As a seventeen-year-old coping with the strains and jolts of
high school, I can not help but to sometimes forget who I
am. The life of a Junior is so swelled and so
overly-stressful. It is easy to get lost in a world of
illusive Bagrut's and trifling competitiveness; to look only
forward without leaving time for reflection of the past.

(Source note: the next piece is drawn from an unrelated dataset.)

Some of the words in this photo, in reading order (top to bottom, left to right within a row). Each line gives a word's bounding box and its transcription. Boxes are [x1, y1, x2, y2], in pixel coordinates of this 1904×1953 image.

This aspiration for success and self-improvement is good, I
suppose, but I feel it is so unhealthy to be constantly
moving, working, and operating like a gray, tempestuous
locomotive. It is so important to stop once in a while and
remember a life without the stress; a time before the
ruthless strife of a college-bound mentality. If we were
never to look back, what would become of us? Surely, we
would get completely lost in a hazy and obscured focus; we
would forget to simply enjoy life.
I would be a very different person if I didn't
strive, not for the future, but to return to a point of my
past. I, like Jay Gatsby of F. Scott Fitzgerald's novel, The
Great Gatsby, can not help but to look back on my past and
long for those slivers of happy memories to someday be real
again. How I yearn to feel the way I once felt about myself,
my community, and my world. Only a few years ago, my entire
self-concept was completely different than it is today. When
I was fourteen I was so confident, so defiant, so well,
perfect. My life was perfect because I was happy in my own
skin. Now, I feel as if that fourteen-year-old boy is only a
blurry memory of color; a distant dream of many nights ago.

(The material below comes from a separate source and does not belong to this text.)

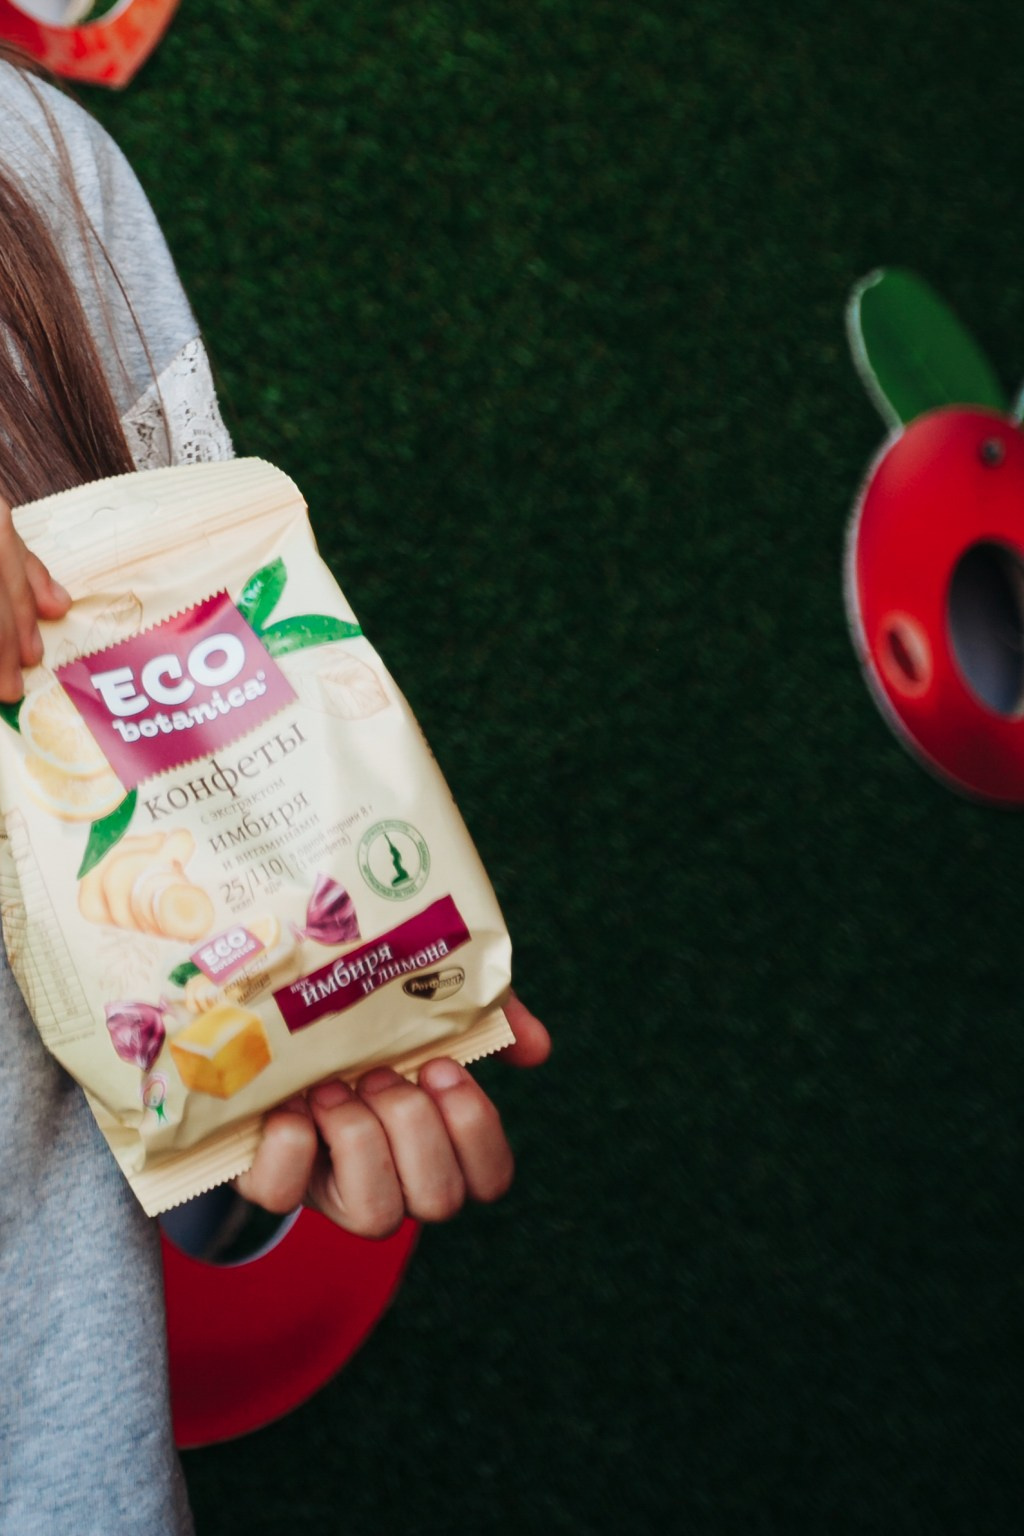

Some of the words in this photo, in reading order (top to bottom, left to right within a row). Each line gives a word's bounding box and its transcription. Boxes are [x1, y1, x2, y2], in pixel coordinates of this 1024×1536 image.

I find that I now hate things about myself that I once was
proud of. Aspects of my society that I once took pride in
now fill my mind with a bare revulsion for social class and
economy all together.
And yet, nothing has really changed. My town, my
family, and the issues of the world are all the same as they
were three years ago. It is I that has changed. My morale,
my psyche, my soul¦ Something deep within me has evolved. A
reaction has occurred inside the core of my inner-self; the
catalyst being an age, a phase of life that twists my mind,
juicing rotten emotions, which I never knew existed, through
the crevices. Or perhaps the catalyst is awareness of the
world and all its tribulations, crises, and clashes of life
swarming within the boundaries of an arid earth. Whatever
the catalyst may be, it has triggered a stream of smoke that
fills my mind, blurs my thoughts, and prevents me from being
the Me that I once was. And I miss that Me; that happy,
carefree, ignorant little Me who cared about nothing but the
happiness of loved ones and the celebration of Life. I do
not celebrate Life too often anymore because I am too aware
now. I sometimes fear this is the point of no return for
happiness because why should I be happy when there is so
much sadness in the world? As a wise screenwriter once
wrote, "Ignorance is bliss". Knowledge of truth seems to
lead to sorrow.
I feel sadness now because I have learned the truth.

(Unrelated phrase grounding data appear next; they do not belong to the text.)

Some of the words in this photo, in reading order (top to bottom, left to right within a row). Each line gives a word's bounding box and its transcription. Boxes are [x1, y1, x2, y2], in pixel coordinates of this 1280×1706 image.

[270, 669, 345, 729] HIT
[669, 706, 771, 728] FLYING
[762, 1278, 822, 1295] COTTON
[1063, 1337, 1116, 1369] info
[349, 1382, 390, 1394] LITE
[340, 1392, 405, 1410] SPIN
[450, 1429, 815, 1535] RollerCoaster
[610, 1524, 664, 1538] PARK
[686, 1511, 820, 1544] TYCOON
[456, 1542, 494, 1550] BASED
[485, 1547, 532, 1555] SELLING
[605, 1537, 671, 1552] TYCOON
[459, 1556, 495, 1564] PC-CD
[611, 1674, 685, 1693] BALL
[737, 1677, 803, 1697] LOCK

The truth is that a life of both awareness and happiness is
uncommon, and it is a very painful time in one's life when
this realization is made. But hopefully I can move on and
not dwell on the facts, but enjoy it for all it's worth.
Maybe one day I will break away from the depression of
reality and appreciate that there's no time in this short
life for dwelling. Living Life and finding some source of
happiness in an unhappy world is all anyone can do to get by
without going completely insane. But I suppose that first
one must experience the awful stage of realizing all these
things in order to build on them. This ugly phase of human
life is what many call "adolescence".
A personal change can be a very ugly thing. Finding
feelings within myself that I've never felt before, such as
hate, misery, and depression, feels terribly different and
scary. I have to keep telling myself not to fear. I am not
really losing my sense of happiness; that area of my brain
is just a little numb right now. Change is something
everyone goes through and everyone overcomes with time, with
experience, with age. An age as ugly as seventeen can be
dreadful and coarse, but there's nothing to do but to
remember my true Self without the label of "Angry Teenager"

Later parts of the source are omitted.